Larger cyanotype works fit seamlessly into the relaxed beach-evocative décor of the hotel. A duet of smaller cyanotypes suggest radiographic visions of hidden, interior forces or objects/organs, while another small piece envisions a “secret life of tools” perspective on pliers and wire cutters.

Calmly, casually placed mixed media sculptures in a display case in the upstairs lounge steer artistic intentions into a series of circuit board–like constructions, with a lovely delicacy to behold and an underscoring meaning relative to her family’s factory work. Here, skeletal sculptures have been fashioned with meticulously ordered wire, circuitry, and minute electronic parts. This “family” of compact works function both as optical allurements and reflections on the assembly line lives and products of her refugee family.

[Click to zoom] “Core Memory” by Hương Ngô | Photo: Josef Woodard

Downstairs, a set of compact woven pieces combine technology and ancient craft practice, touching on both the “analog” weaving techniques taught her by her mother long ago, and the “core memory” supplies of conductive thread and copper on silk.

In Ngô’s deceptively understated work here, the art-life circuitry is at once cohesive and liquid, logical in a self-generated way and open to interpretation. Such is the slippery business of the artist’s focus on memories, simultaneously tapped, borrowed, and re-channeled.

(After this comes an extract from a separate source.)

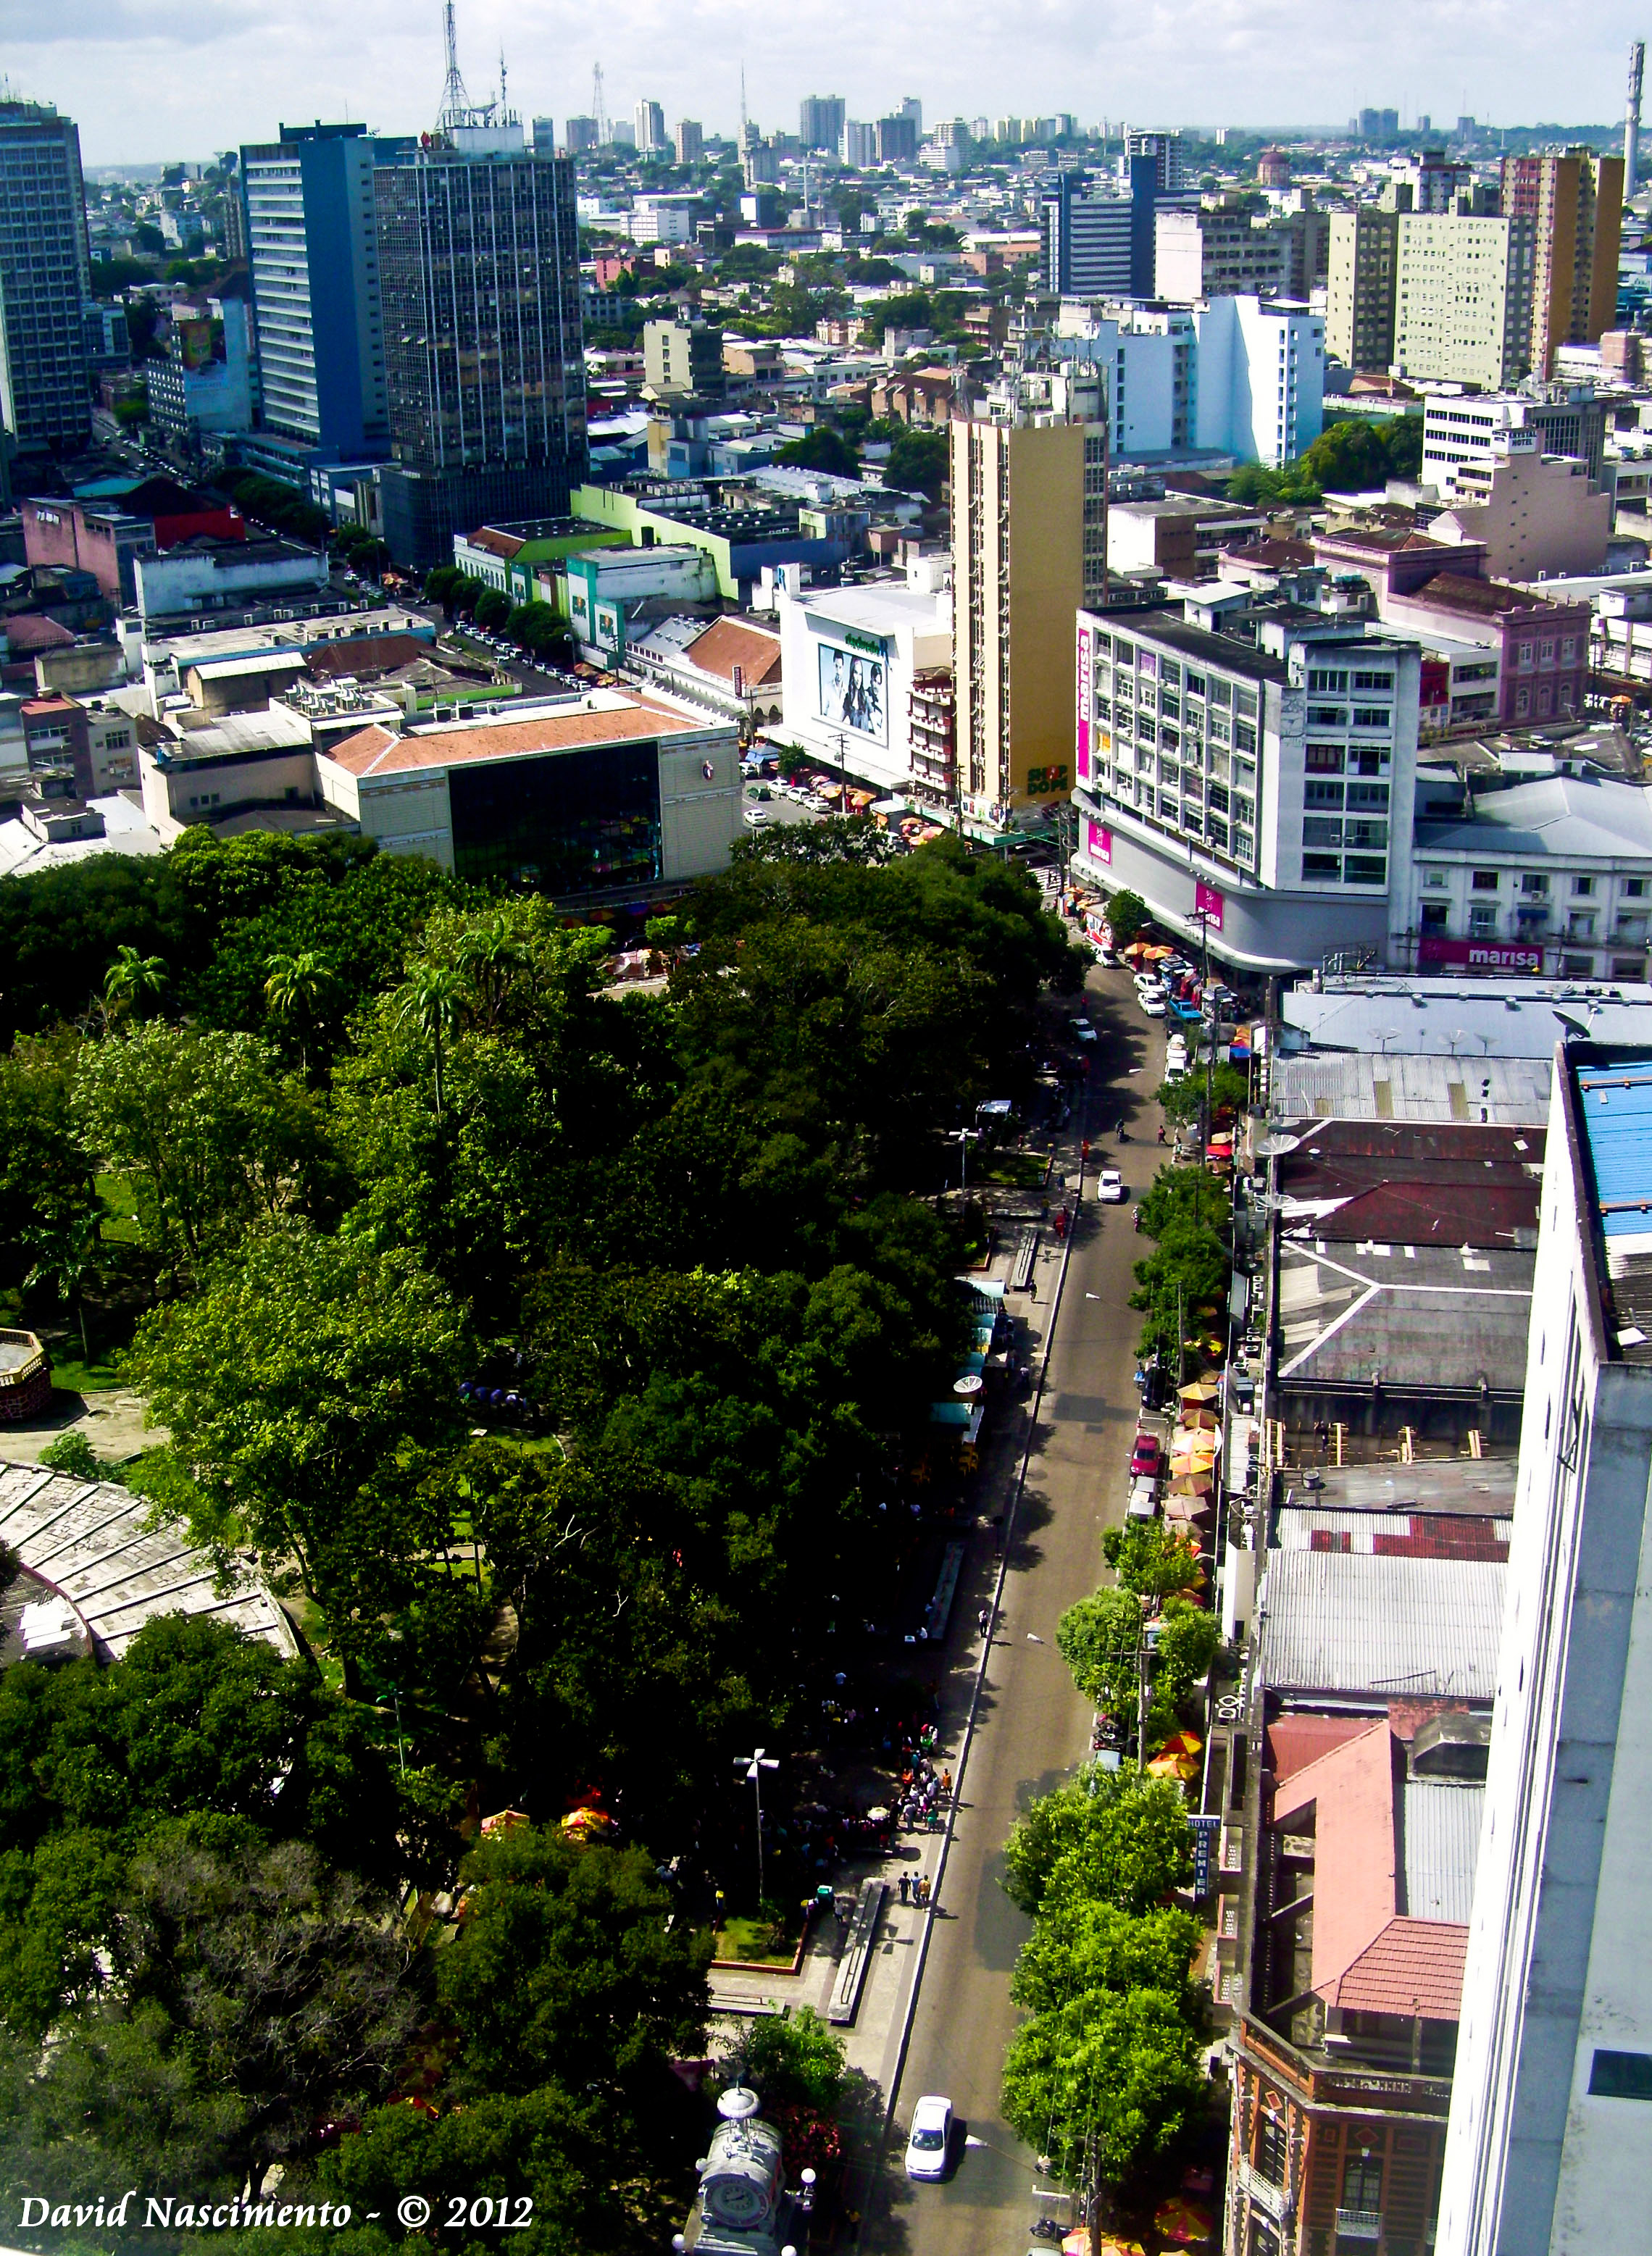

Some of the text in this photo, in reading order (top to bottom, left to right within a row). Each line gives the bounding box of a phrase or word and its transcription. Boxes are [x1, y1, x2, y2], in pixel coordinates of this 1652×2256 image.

[1080, 635, 1090, 722] marisa
[1469, 949, 1539, 967] marisa
[1196, 1830, 1208, 1895] PREMIER

Hương Ngô: Core Memory is on view at MCASB Satellite at Riviera Beach House through March 23. The gallery within the hotel is located at 121 State St. is open daily to the public from 9 a.m. to 9 p.m. For more information click here.

Premier Events

Get News in Your Inbox

Login

Please note this login is to submit events or press releases. Use this page here to login for your Independent subscription

Not a member? Sign up here.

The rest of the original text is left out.